The approach relies heavily on **sarcasm, humor, and wit**, and deliberately avoids ill-will and vitriol. The 'prosocial' element is that the brand *acknowledges the rival's strengths* even while asserting its own superiority — a move that signals confidence and sportsmanship, softens the attack, and prevents the brand from appearing petulant or insecure.

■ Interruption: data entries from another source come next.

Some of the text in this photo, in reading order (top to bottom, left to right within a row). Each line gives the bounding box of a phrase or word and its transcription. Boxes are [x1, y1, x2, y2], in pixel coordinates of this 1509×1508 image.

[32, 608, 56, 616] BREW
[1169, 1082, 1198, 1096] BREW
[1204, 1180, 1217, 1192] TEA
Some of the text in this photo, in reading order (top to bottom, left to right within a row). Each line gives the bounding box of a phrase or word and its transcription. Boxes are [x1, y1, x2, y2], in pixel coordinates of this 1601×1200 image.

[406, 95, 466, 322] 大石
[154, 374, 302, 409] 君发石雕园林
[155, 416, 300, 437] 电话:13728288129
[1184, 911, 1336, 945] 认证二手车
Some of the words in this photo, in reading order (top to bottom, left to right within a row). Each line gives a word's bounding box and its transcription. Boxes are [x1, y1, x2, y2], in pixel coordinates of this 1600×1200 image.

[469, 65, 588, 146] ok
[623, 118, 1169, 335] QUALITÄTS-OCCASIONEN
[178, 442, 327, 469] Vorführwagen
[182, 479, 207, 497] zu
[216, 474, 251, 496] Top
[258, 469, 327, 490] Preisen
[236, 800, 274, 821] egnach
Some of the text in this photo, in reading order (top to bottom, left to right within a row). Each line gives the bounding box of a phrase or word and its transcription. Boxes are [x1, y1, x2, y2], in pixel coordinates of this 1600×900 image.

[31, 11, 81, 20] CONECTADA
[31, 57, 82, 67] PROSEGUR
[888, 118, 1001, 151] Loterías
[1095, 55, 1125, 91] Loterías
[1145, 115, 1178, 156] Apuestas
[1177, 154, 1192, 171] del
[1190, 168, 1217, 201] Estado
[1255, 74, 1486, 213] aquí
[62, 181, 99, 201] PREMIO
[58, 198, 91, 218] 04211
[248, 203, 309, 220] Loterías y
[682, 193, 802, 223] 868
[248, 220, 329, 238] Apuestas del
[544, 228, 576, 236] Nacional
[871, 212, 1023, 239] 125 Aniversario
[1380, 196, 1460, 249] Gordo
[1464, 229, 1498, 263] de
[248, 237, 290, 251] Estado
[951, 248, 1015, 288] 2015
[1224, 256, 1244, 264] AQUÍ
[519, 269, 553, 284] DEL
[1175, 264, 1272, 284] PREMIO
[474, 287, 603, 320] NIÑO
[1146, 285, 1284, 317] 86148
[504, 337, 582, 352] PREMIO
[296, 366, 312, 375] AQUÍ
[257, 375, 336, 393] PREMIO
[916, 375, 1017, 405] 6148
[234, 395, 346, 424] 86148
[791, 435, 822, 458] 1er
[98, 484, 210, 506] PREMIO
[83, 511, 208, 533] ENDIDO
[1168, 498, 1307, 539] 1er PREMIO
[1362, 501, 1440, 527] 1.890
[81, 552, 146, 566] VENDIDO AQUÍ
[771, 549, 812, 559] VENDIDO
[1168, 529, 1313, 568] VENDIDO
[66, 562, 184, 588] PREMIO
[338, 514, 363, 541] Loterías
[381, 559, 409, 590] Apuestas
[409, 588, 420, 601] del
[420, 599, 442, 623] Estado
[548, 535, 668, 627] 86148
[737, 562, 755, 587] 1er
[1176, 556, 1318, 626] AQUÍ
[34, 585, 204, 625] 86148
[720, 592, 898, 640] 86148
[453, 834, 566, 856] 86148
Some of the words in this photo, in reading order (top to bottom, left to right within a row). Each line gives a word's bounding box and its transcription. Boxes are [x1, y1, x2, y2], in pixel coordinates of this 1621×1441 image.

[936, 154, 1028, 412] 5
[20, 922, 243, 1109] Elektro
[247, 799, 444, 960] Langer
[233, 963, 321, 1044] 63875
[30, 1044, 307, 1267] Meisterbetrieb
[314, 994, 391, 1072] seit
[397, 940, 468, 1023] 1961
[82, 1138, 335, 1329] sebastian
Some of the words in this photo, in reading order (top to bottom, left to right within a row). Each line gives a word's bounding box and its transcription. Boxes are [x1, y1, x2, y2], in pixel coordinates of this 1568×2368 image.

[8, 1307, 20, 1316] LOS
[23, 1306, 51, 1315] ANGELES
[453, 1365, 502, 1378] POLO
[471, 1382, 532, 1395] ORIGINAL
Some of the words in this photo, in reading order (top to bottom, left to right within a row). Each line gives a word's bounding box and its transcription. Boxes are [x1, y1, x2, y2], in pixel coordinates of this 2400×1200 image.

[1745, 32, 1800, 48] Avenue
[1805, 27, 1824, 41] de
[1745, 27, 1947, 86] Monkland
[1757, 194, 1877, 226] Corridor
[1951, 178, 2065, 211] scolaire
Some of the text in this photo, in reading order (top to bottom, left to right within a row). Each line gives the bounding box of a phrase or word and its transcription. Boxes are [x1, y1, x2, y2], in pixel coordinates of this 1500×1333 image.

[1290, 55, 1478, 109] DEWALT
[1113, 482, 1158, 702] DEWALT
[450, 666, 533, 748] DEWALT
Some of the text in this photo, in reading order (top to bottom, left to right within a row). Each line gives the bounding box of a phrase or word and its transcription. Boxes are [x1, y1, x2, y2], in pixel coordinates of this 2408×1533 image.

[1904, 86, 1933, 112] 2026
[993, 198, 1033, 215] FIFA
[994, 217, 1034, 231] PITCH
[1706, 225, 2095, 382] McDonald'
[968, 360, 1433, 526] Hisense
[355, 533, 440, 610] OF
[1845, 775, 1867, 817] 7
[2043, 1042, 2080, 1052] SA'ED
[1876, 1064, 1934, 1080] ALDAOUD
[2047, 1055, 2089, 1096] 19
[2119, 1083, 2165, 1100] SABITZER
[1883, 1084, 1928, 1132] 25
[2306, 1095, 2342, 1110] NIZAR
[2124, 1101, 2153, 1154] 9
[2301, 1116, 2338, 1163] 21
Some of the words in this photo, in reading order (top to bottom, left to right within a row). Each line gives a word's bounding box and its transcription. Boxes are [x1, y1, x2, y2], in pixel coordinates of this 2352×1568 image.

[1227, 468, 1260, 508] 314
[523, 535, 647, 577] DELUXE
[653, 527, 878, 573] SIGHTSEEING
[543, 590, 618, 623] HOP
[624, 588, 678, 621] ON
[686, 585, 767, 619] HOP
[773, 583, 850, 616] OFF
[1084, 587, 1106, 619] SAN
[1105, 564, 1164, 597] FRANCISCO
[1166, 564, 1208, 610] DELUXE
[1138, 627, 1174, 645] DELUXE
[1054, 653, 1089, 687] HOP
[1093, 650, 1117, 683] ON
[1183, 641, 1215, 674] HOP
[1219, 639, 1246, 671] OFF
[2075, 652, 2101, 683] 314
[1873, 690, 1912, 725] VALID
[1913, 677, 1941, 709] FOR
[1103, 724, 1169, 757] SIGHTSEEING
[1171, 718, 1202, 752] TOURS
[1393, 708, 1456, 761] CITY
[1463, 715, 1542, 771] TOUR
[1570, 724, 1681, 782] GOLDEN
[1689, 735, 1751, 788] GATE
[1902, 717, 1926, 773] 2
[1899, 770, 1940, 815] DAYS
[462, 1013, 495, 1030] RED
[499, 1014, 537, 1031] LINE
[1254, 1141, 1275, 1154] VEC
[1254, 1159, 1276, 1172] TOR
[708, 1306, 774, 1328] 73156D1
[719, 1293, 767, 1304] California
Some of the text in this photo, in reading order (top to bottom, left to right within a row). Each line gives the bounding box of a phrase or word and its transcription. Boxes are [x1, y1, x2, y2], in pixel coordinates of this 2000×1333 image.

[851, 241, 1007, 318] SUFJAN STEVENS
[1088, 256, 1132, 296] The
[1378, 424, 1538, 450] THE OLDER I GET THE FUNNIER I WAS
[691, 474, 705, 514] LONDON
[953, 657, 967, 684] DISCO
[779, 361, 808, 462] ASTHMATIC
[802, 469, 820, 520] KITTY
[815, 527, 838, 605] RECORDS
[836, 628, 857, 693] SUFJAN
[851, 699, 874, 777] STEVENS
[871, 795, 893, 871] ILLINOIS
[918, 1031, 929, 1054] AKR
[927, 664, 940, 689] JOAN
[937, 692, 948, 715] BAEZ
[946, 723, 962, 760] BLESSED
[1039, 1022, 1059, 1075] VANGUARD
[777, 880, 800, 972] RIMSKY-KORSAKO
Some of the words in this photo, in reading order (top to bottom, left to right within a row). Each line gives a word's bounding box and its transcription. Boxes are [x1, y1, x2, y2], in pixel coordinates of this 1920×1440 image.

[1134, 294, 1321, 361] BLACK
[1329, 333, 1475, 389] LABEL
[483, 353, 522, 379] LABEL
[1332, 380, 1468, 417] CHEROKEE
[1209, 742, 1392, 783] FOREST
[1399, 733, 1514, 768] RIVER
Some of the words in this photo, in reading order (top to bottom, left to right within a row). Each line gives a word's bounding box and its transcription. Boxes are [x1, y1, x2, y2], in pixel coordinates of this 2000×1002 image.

This nuanced tone is what lets a brand reap the engagement benefits of the [[concept-rivalry-reference-effect]] and support [[claim-negative-messaging-outperforms|going negative with loyalists]] without damaging its reputation.

In practice, prosocial teasing is the mechanism by which a brand stays [[concept-pleasantly-aggressive|pleasantly aggressive rather than petulantly hostile]]. Note (per the enrichment) that 'prosocial teasing' is not a formally validated construct in the JMR paper's abstract — it is a coherent practical codification of the broader, evidence-backed recommendation to be humorous, witty, and non-vitriolic when referencing rivals.